**Prompt**
Exact reproduction of all the data is required, with pictures excluded.

─── Records shown

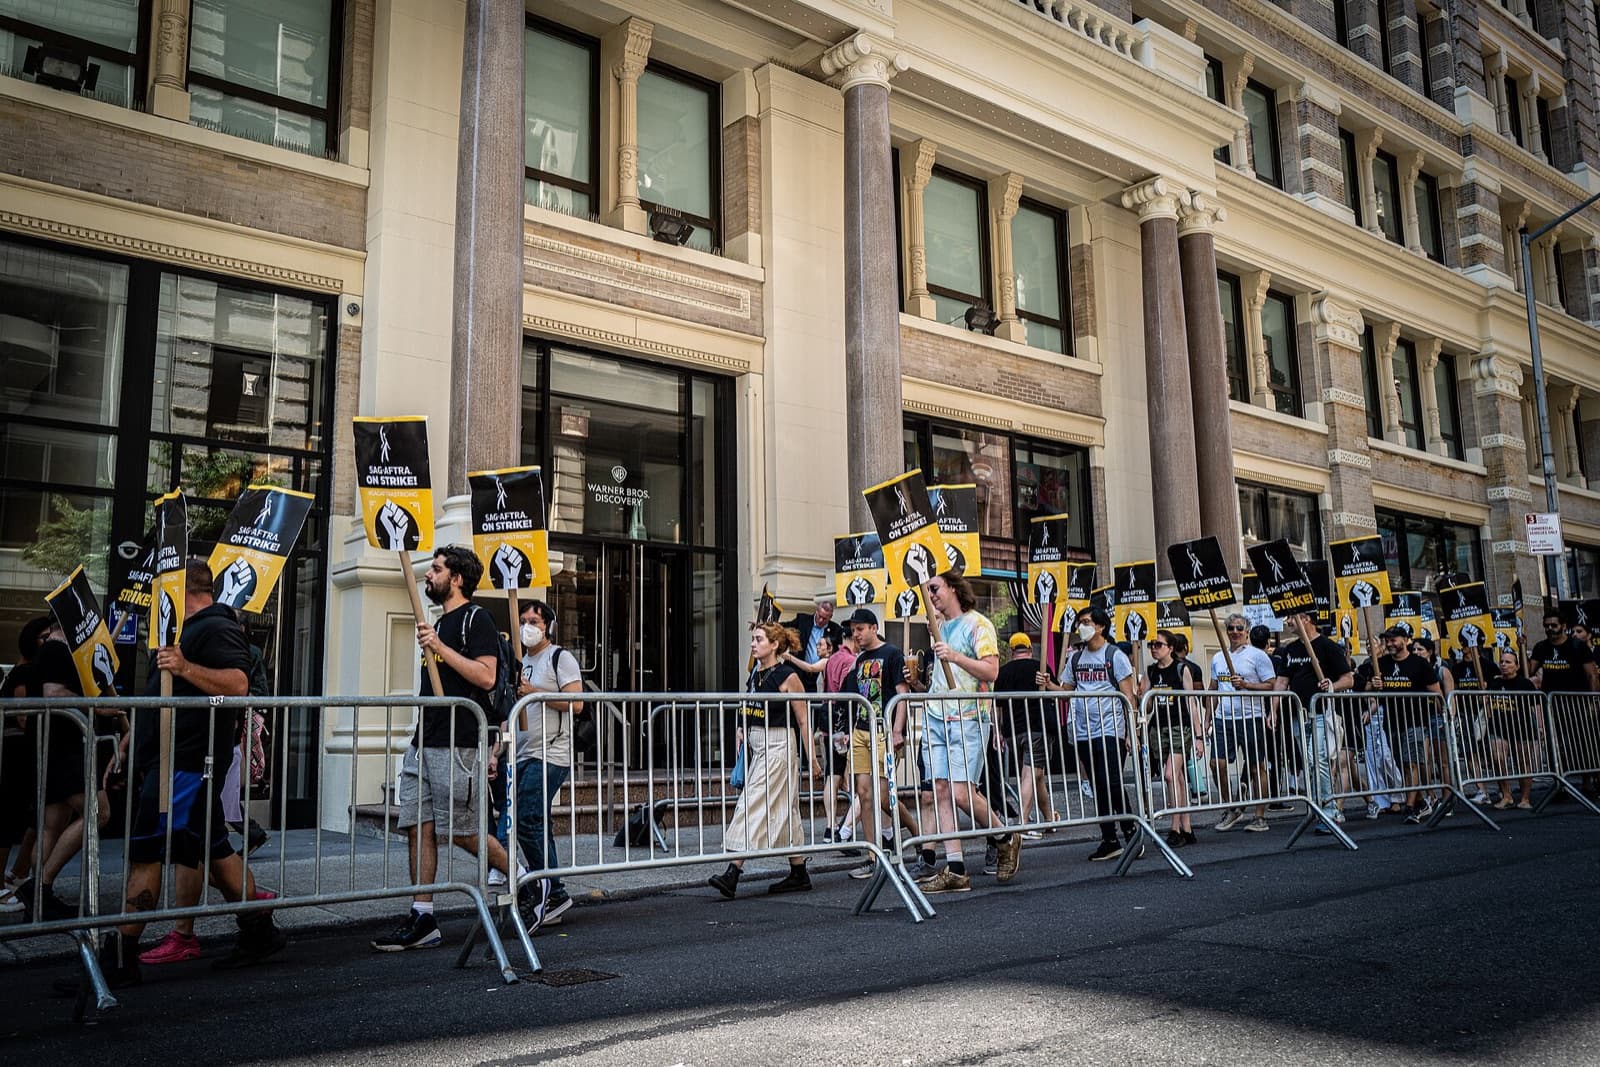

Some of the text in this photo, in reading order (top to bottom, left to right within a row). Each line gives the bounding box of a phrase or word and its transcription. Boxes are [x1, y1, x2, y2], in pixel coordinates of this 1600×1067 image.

[366, 475, 418, 486] ON STRIKE!
[587, 483, 650, 499] WARNER BROS.
[595, 493, 643, 506] DISCOVERY
[482, 519, 533, 532] ON STRIKE!
[888, 516, 927, 540] ON STRIKE!
[939, 524, 968, 532] TRIKE!
[230, 534, 281, 552] ON STRIKE!
[1184, 588, 1232, 606] STRIKE!
[1272, 593, 1314, 612] STRIKE!

──────

**Written answer**
Some of the text in this photo, in reading order (top to bottom, left to right within a row). Each line gives the bounding box of a phrase or word and its transcription. Boxes are [x1, y1, x2, y2], in pixel coordinates of this 1600×1067 image.

[366, 475, 418, 486] ON STRIKE!
[587, 483, 650, 499] WARNER BROS.
[595, 493, 643, 506] DISCOVERY
[482, 519, 533, 532] ON STRIKE!
[888, 516, 927, 540] ON STRIKE!
[939, 524, 968, 532] TRIKE!
[230, 534, 281, 552] ON STRIKE!
[1184, 588, 1232, 606] STRIKE!
[1272, 593, 1314, 612] STRIKE!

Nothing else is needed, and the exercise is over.